File photo.

STATE OF UTAH — Utah Governor Spencer Cox appeared on the Utah Broadcasters Association’s Direct Link program Tuesday night, which was broadcast on NewsTalk KVNU.

Growth and affordable housing continue to be big issues and the governor had an interesting factoid about growth in the state.

“For the first time last year, more people moved into Utah from outside of Utah than our internal growth. Historically, over the last ten years, even though we’ve been the fastest growing state, it’s been internal growth that’s been driving that. So, for the first time we had more people moving from outside the state, but of those, that moved from outside the state, 25 percent of those are people who have lived here before. That’s very unique, in fact that’s the highest percentage anywhere in the country of people moving back to the place where they’ve lived before,” according to Cox.

The governor said they want to make sure this is a place where people can come back and raise their families.

“But, as I said in my State of the State speech, I said, we’re grateful that people want to live here, it’s an amazing state. All I ask is that you don’t try to turn us into where you just left, we really do have a special state, and it’s because we care about each other, we care about our neighbors, we try to take care of each other. Again, I’m a conservative, I believe it’s because of our conservative policies that we’ve had so much economic success.”

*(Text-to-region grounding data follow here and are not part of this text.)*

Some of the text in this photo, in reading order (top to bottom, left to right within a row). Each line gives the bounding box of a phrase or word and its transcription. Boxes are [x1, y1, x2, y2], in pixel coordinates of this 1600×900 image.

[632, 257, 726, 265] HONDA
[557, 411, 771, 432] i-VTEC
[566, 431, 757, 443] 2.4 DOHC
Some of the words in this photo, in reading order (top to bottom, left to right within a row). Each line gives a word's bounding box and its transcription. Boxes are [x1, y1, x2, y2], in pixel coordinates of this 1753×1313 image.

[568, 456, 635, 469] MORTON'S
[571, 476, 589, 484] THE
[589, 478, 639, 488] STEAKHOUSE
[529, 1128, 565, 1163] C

Over the past week, Utah, from north to south, has enjoyed some soaking rains that, unfortunately, have led to flooding in parts of southern Utah.

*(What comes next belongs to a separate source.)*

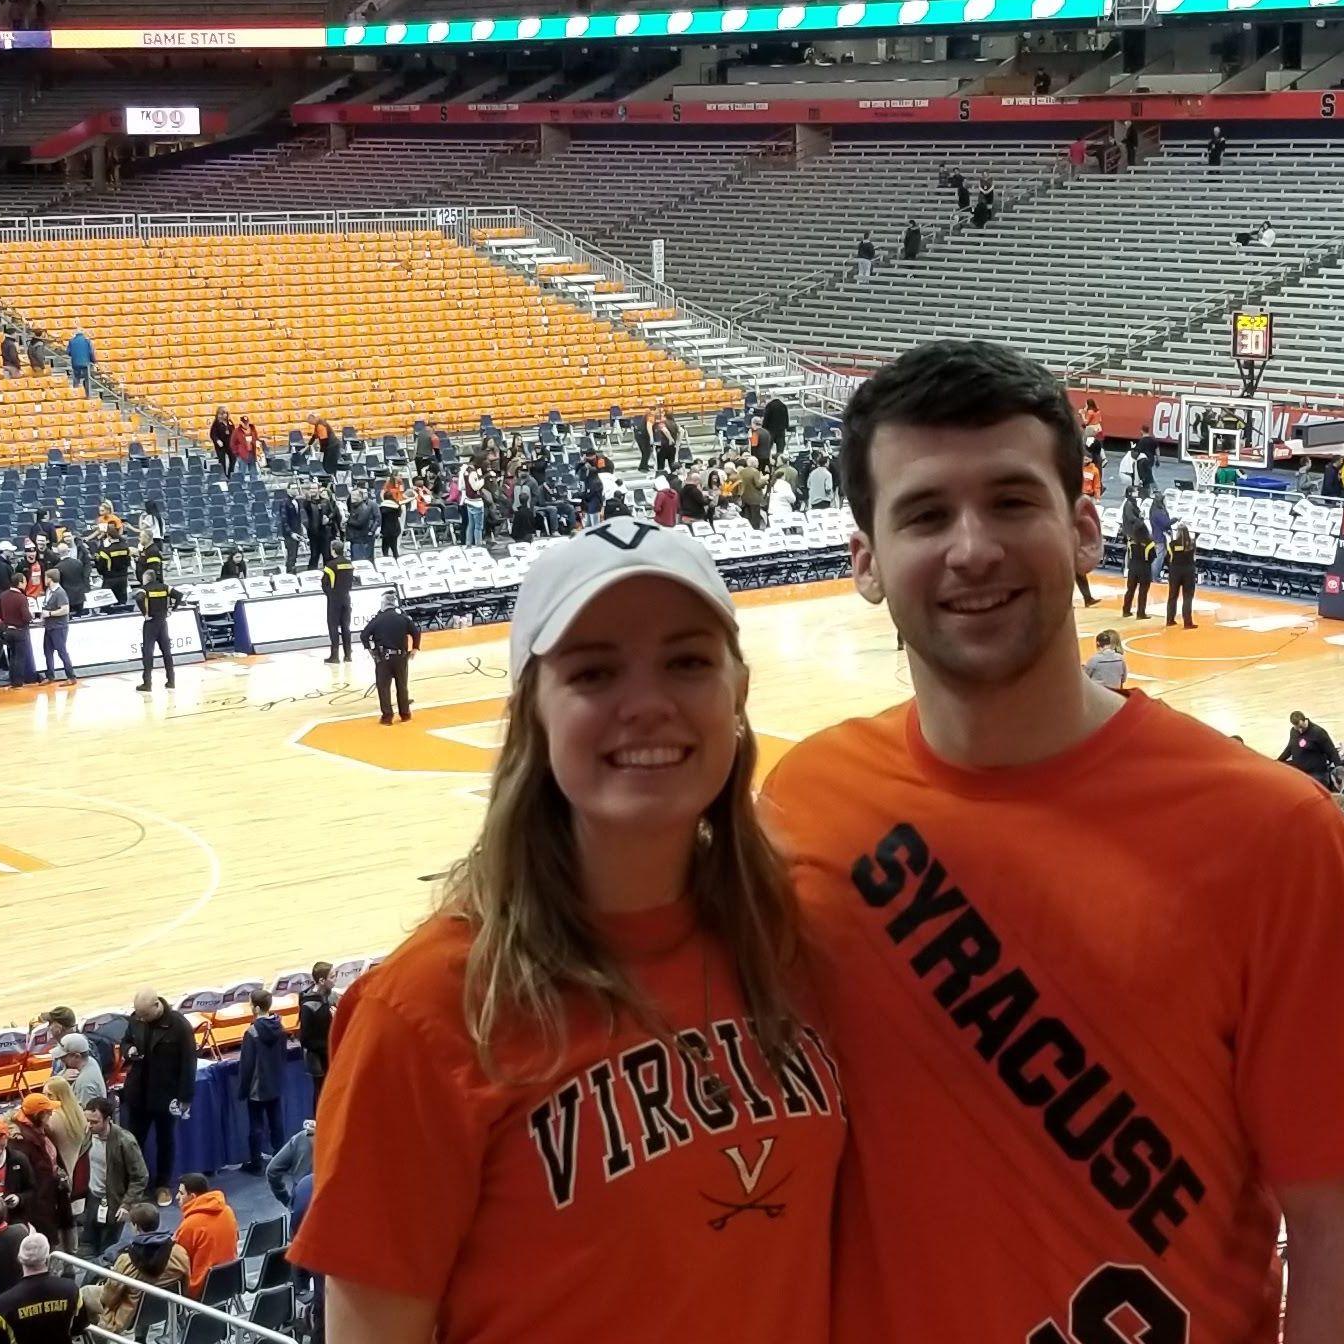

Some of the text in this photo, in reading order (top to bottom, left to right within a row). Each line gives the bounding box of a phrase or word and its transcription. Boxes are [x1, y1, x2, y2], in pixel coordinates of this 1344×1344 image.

But Governor Cox said we should continue as though the overall drought is going to continue.

“So right now our statewide reservoir storage is about 51 percent on average capacity, which is actually a little better than last years, so I’m excited about that. But still we’re about 15 percent lower than where we should be for this time normally. We passed about 12 bills last year, and those are just coming into effect now, the funding just came into effect on July 1. We’re incentivizing conservation, that’s the most important thing.”

Cox said we have the first statewide grass rebate program, with 5 million dollars funding that.

Also, last week, the Board of Water Resources authorized 200 million dollars in funding for secondary metering, which can produce an average water reduction of 20 to 30 percent.